And it is discussed in this book called Fast Track Diet. A guy named Norm Robillard is a PhD researcher. He did research in this area. And the focus that he has, which is consistent, I believe, with

Dr. Amy Athey: Paleo idea and then also it's consistent with the carnivore diet for sure is he looks at something called fermentation potential of food. In other words, ease of digestibility of food. Dr. Amy Athey: And so when people for various reasons, either have low stomach acid or other things that are interfering with their ability to digest food properly. You have all kinds of bizarre horrible symptoms.

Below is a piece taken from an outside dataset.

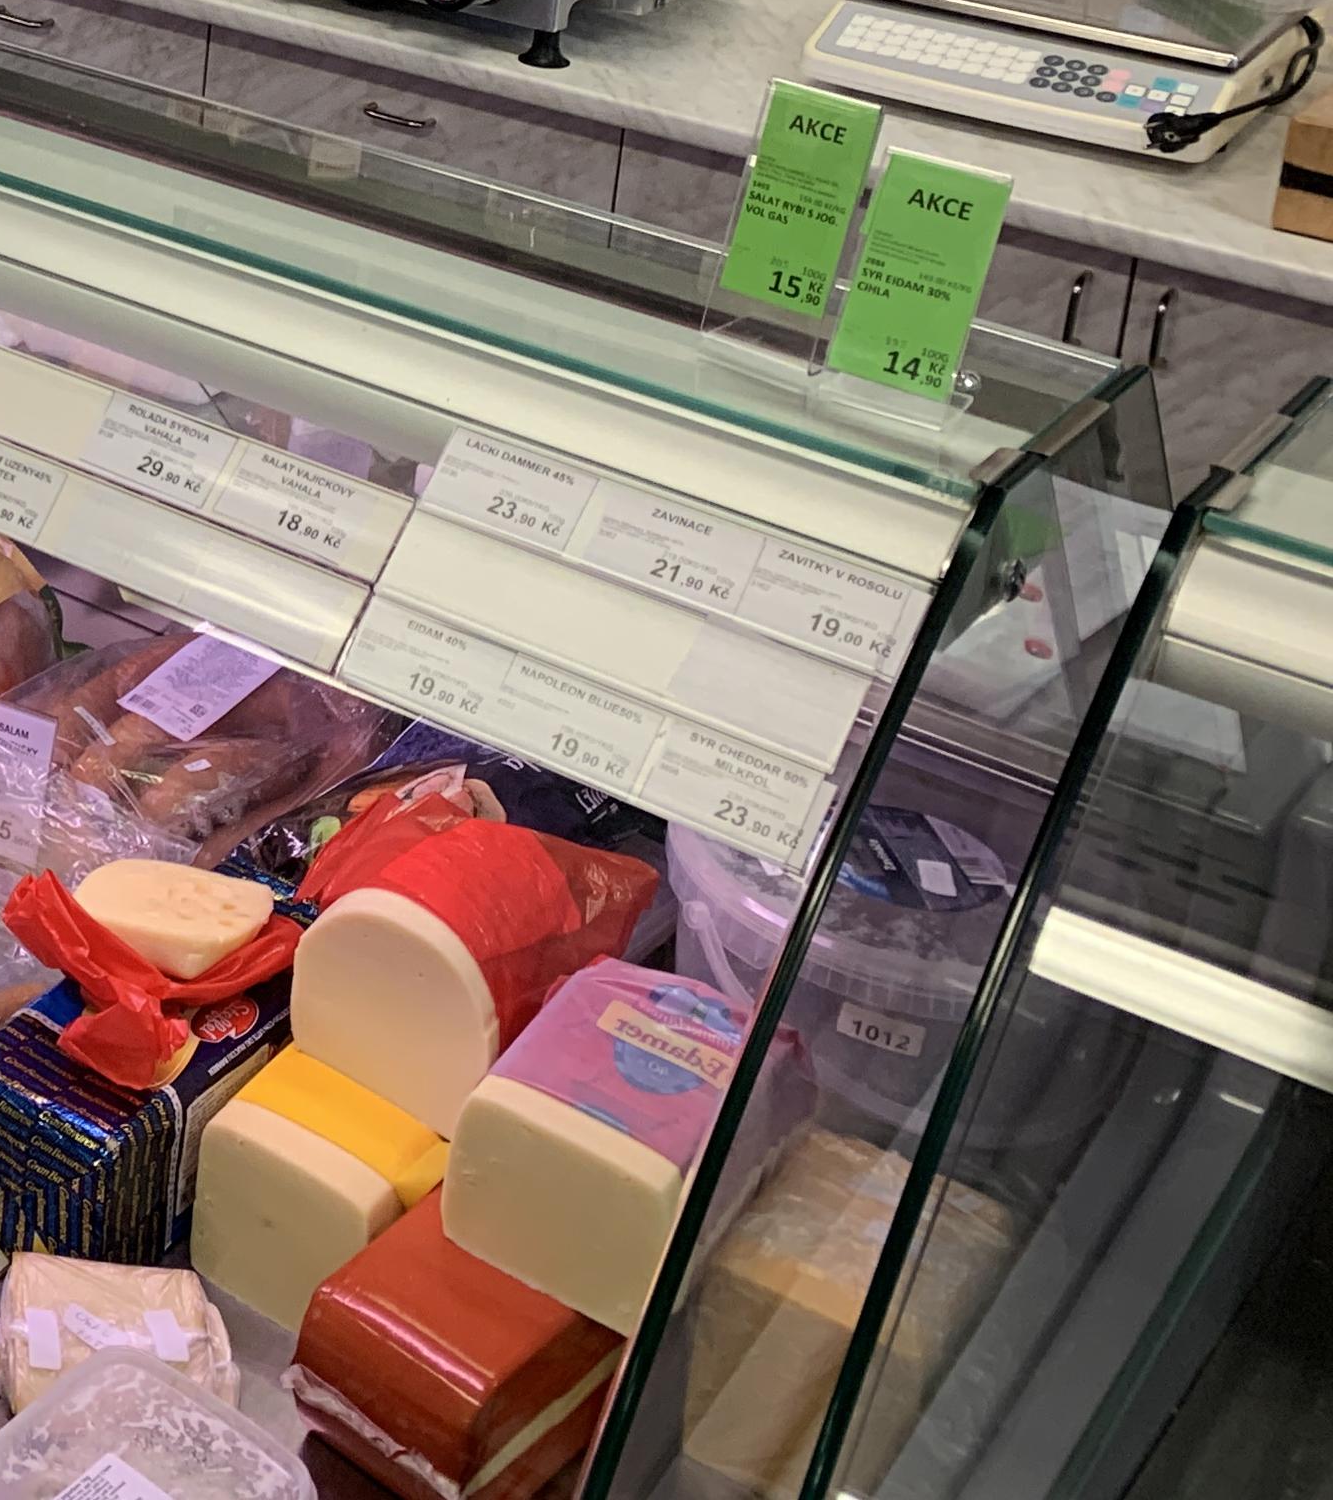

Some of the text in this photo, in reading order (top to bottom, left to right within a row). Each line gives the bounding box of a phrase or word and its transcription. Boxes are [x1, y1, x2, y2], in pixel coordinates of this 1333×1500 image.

And he, you know, breaks it down in terms of the different types of carbohydrates and why people have different troubles with them and what kind of tests you can do to find out. First of all, if you have kind of bacteria in the wrong place in your digestive tract, which can be caused by antibiotics and other things. If you have trouble breaking down certain types of carbohydrates, how to test for those things with the breath test. I mean, it's crazy stuff.

And I didn't even know this facet, this component and learning about it has helped me tremendously. I'm still kind of stumbling because I haven't given up in the sense of, I'm not going to eat some variety of foods, at least with vegetables, at least maybe some fruits as well. I haven't gone full carnivore, but apparently if you go full carnivore,

That is something that gets rid of all the fermentable carbs. Right. The sugar is gone, right? Yes. And so that's the reason I think that a lot of people get results in terms of health conditions and digestion and stuff improving on the carnivore diet because you're starving either the bad bacteria or the bacteria that are overgrown in the wrong place or whatever. You are starving those suckers, right? Right. And so you're going to have an improvement in symptoms with that.

sort of protocol, but at the same time, is it required? And then the other thing is if your goal is to repopulate the good bacteria and sort of help the bacteria who the good ones kind of get their market share back or something, if that's what we want to call it, right? Then you need to eat certain kinds of carbs

the prebiotic carbs and things like that in order to do that. And so do you want to give up on that entirely and go full carnivore? So, so far I haven't, but even this week I had a little glitch because I was still thinking that I could eat certain kinds of dairy and

and be okay. And it turns out I have to be really strict and maybe only have the very highest fat dairy or only cream. Well, well, and not even that certain kinds of cheese. Right. So I need to gain some weight back. Right. Because of all this horribleness. And I thought, okay, I'm going to go to in and out.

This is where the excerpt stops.